Yale Medicine Magazine, 2009 - Spring

Contents

On February 16, 2007, Quinnipiac University senior Benjamin Shapiro was driving down a secondary road in Hamden, Conn., at about 1 a.m. when his car slid across four lanes of traffic, crashed through a chain-link fence, flipped over a concrete barrier, slid down an embankment and landed in the Mill River. He spent the next 20 minutes submerged in icy water.

“When they pulled him out of the water there was no heartbeat, no pulse, nothing,” said Shapiro’s stepmother, Joan Abrams. Shapiro had suffered a brain injury, the bones in the left side of his face were crushed and his left eyeball was hanging by a tendon.

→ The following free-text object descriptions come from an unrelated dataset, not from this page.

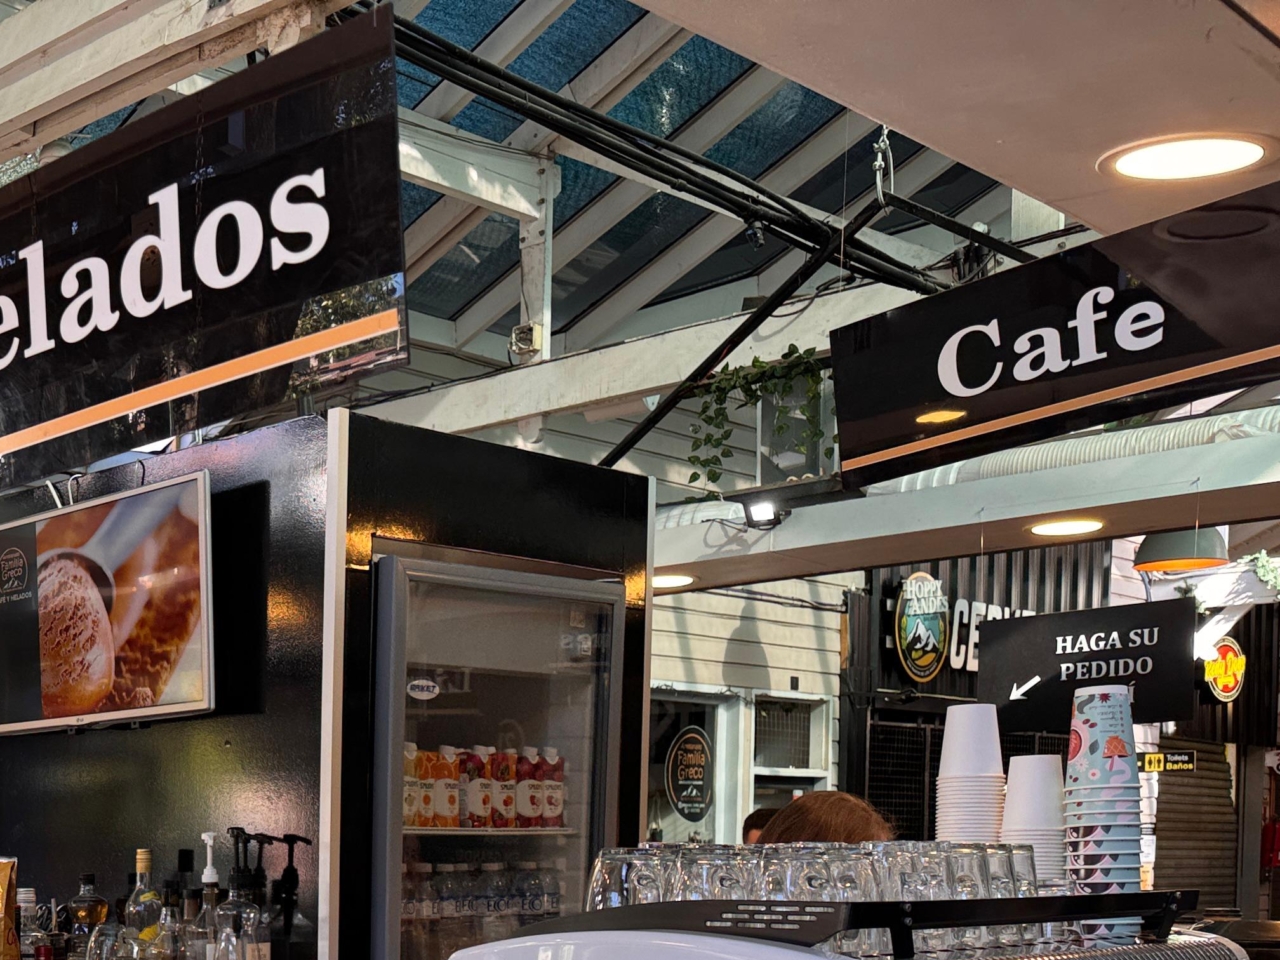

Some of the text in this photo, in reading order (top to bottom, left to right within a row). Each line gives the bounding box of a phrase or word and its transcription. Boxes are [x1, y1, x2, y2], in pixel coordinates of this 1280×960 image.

[937, 286, 1165, 397] Cafe
[906, 580, 942, 599] HOPPY
[910, 596, 949, 615] ANDES
[1055, 627, 1159, 654] HAGA SU
[1060, 656, 1153, 681] PEDIDO
[677, 750, 705, 765] Familia
[1166, 762, 1193, 770] Baños
[678, 766, 704, 780] Greco
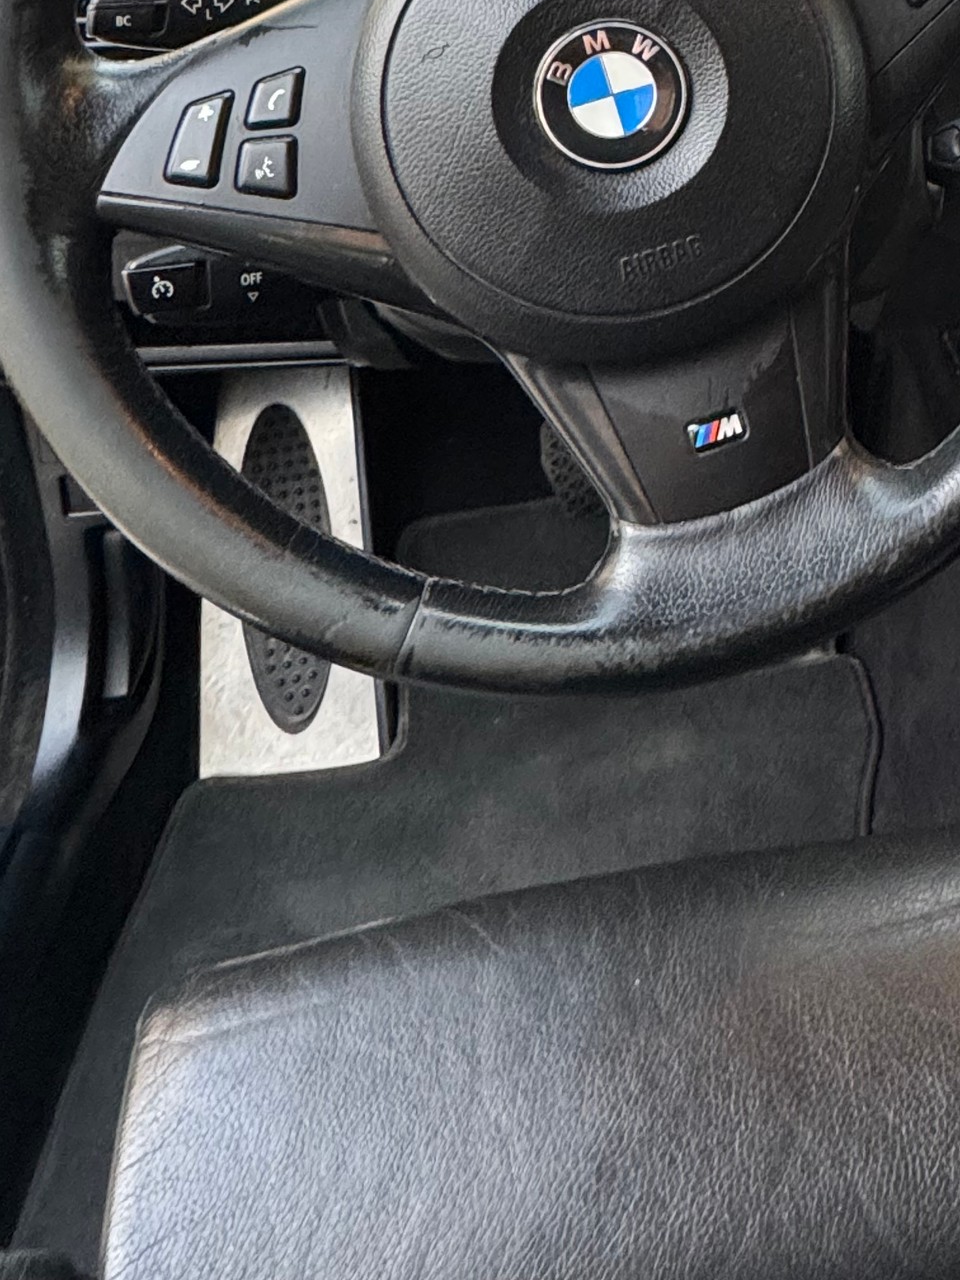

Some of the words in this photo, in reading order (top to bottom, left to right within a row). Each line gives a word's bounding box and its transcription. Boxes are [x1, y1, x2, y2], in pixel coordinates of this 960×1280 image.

[115, 15, 132, 28] BC
[205, 8, 213, 21] L
[546, 29, 661, 87] BMW
[240, 271, 263, 287] OFF
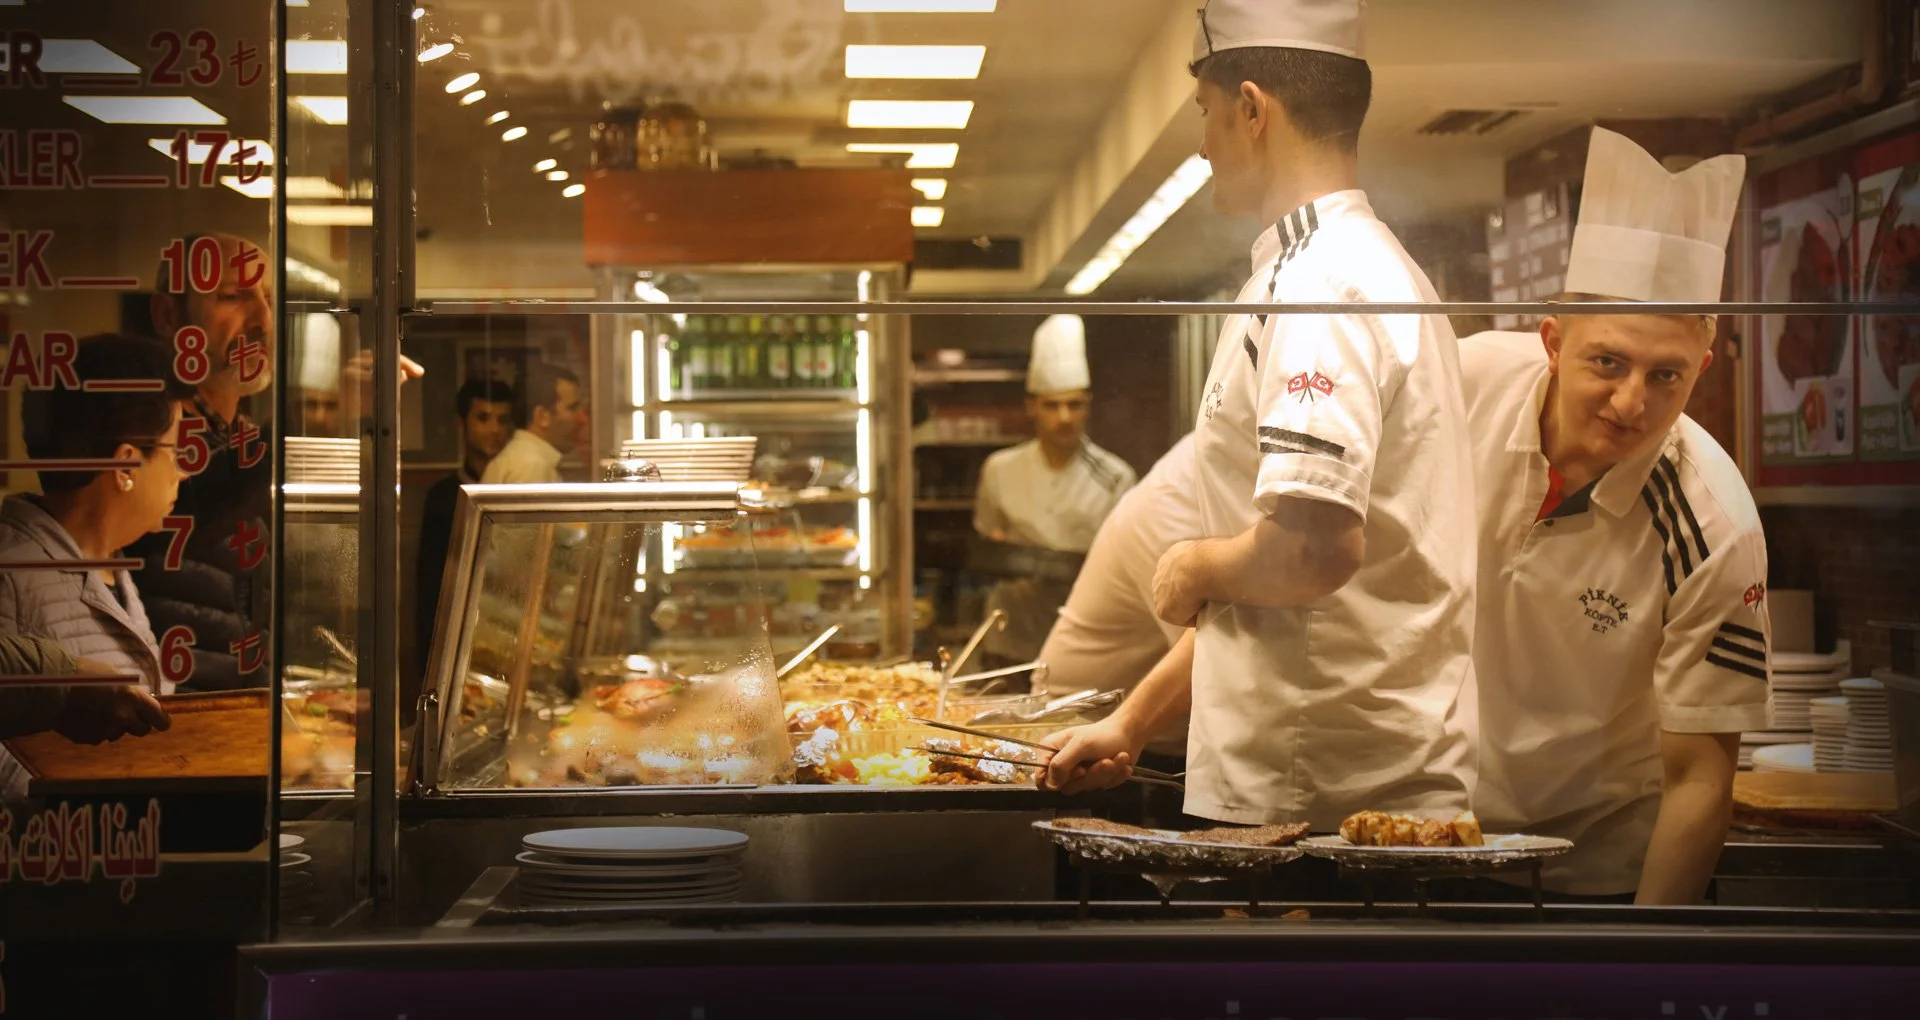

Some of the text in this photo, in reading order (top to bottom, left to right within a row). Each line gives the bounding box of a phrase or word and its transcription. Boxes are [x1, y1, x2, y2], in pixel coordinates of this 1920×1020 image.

[0, 31, 46, 87] R
[149, 29, 221, 87] 23
[0, 130, 83, 189] LER
[169, 130, 230, 188] 17
[161, 237, 222, 293] 10
[174, 326, 208, 384] 8
[175, 417, 210, 475] 5
[161, 516, 194, 570] 7
[159, 625, 195, 683] 6
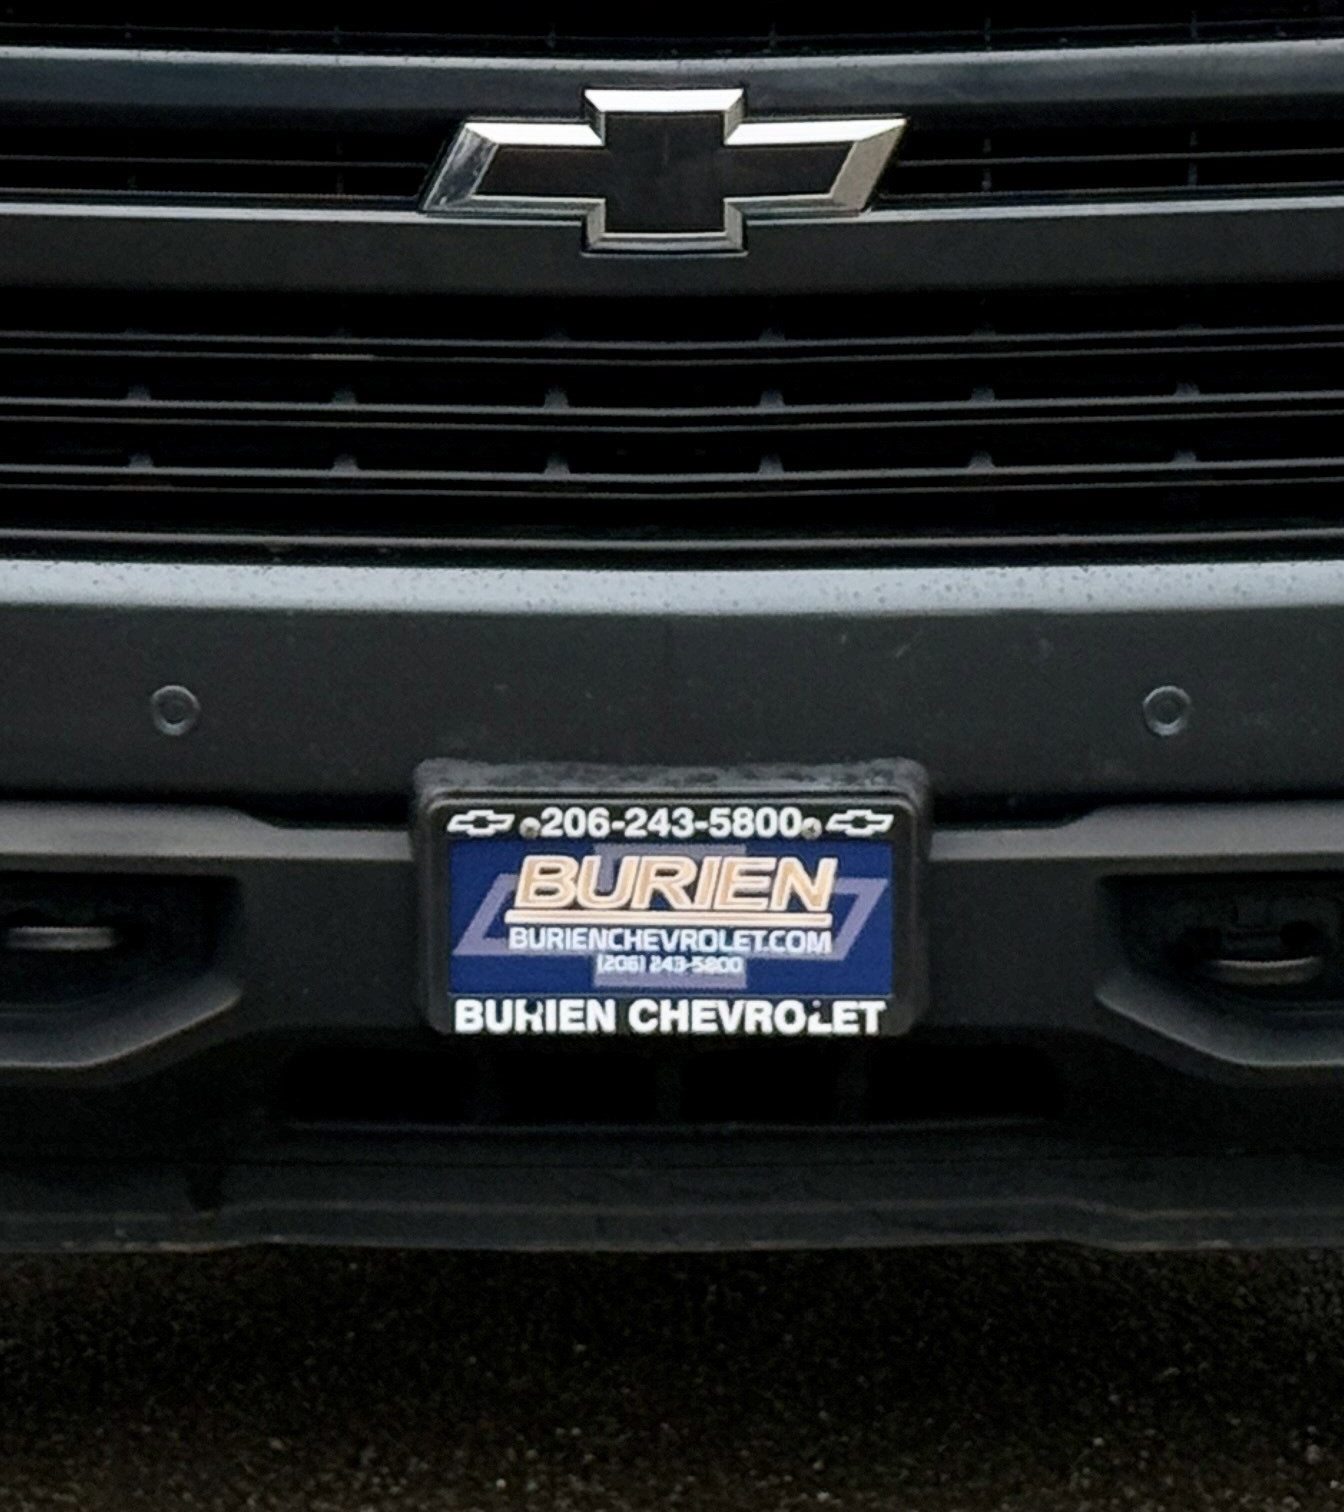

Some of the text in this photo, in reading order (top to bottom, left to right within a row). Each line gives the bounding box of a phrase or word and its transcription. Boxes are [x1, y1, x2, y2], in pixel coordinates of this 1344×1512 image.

Doctors put his chances of survival at well below 10 percent.

The Department of Surgery’s Section of Trauma, Surgical Critical Care and Surgical Emergencies, which was recently revamped under the direction of Kimberly A. Davis, M.D., was prepared to deal with an emergency of this magnitude.

“Everyone who is a full-time member of this section is board-certified or eligible in both general surgery and surgical critical care,” said Davis, who took over as section chief in June 2006. “With attending-level surgeons in the hospital at all times, we can take care of anything that comes our way, 24/7.” This also means faster evaluation and response times and improved communications between caregivers as well as with family members.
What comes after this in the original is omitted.